Item 3.02 Unregistered Sales of Equity Securities

On November 4, 2025, The Estée Lauder Companies Inc. (the "Company") issued 11,034,685 shares of Class A Common Stock, par value $.01 per share, of the Company to three trusts affiliated with descendants of Leonard A. Lauder (the "Selling Stockholders") upon the conversion by such Selling Stockholders of an equal number of shares of Class B Common Stock, par value $.01 per share, of the Company.

Shares of Class B Common Stock are convertible into Class A Common Stock, in whole or in part, at any time and from time to time at the option of the holder, on the basis of one share of Class A Common Stock for each share of Class B Common Stock converted.
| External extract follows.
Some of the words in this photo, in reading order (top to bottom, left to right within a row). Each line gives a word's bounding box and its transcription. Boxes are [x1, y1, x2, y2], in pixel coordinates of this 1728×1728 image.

In the event of a transfer of shares of Class B Common Stock to any person other than a "Permitted Transferee" (as defined in the Company's Restated Certificate of Incorporation), each share of Class B Common Stock so transferred automatically will be converted into one share of Class A Common Stock. Each share of Class B Common Stock will also automatically convert into one share of Class A Common Stock if, on the record date for any meeting of the stockholders, the number of shares of Class B Common Stock then outstanding is less than 10% of the aggregate number of shares of Class A Common Stock and Class B Common Stock then outstanding. The shares of Class A Common Stock issued by the Company are exempt from registration under the Securities Act of 1933, as amended, pursuant to Section 3(a)(9) thereof.

Item 8.01 Other Events.

On November 4, 2025, the Company entered into an underwriting agreement (the "Underwriting Agreement") with J.P. Morgan Securities LLC (the "Underwriter") and the Selling Stockholders pursuant to which the Selling Stockholders agreed to sell to the Underwriter 11,301,323 shares (the "Shares") of Class A Common Stock (the "Offering") to the Underwriter at a purchase price of $89.70 per share. The Company did not receive any proceeds from the sale of the shares of Common Stock by the Selling Stockholders.
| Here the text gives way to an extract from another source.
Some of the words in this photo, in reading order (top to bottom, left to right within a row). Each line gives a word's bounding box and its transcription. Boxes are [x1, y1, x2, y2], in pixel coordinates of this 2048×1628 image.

The Offering was made pursuant to a prospectus supplement, dated November 4, 2025, to the prospectus, dated November 4, 2025, included in the Company's registration statement on Form S-3 (File No. 333-291255), which was initially filed with the Securities and Exchange Commission on November 4, 2025.
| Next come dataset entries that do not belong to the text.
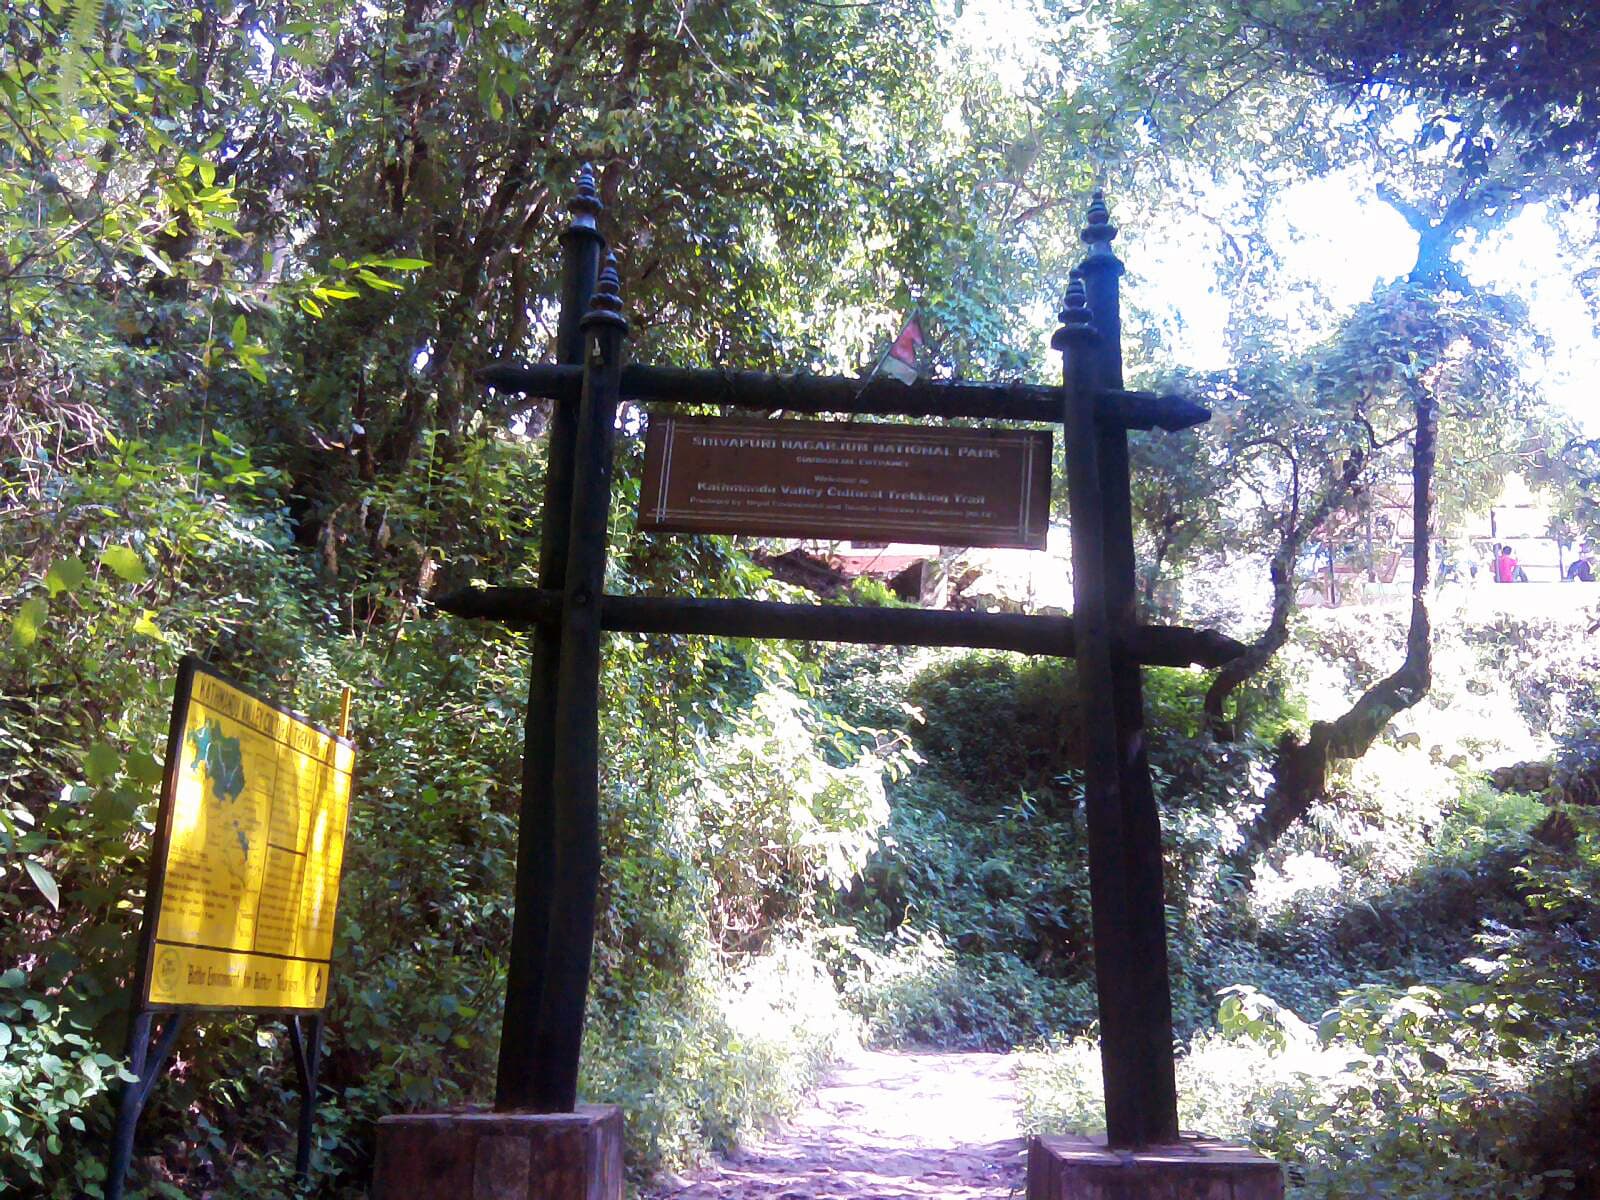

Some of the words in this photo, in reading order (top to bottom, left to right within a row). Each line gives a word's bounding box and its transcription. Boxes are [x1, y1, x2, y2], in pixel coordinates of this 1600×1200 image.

[692, 437, 776, 449] SHIVAPURI
[782, 440, 868, 453] NAGARJUN
[873, 444, 951, 457] NATIONAL
[958, 447, 1000, 458] PARK
[697, 482, 776, 494] Kathmandu
[781, 484, 823, 498] Valley
[827, 487, 883, 499] Cultural
[888, 490, 949, 504] Trekking
[954, 493, 986, 505] Trail
The Underwriting Agreement contains customary representations, warranties and covenants and includes the terms and conditions for the sale of the Shares by the Selling Shareholders, indemnification and contribution obligations and other terms and conditions customary in agreements of this type.

The foregoing description of the Underwriting Agreement does not purport to be complete and is qualified in its entirety by reference to the full text of the Underwriting Agreement, which is filed as Exhibit 1.1 hereto.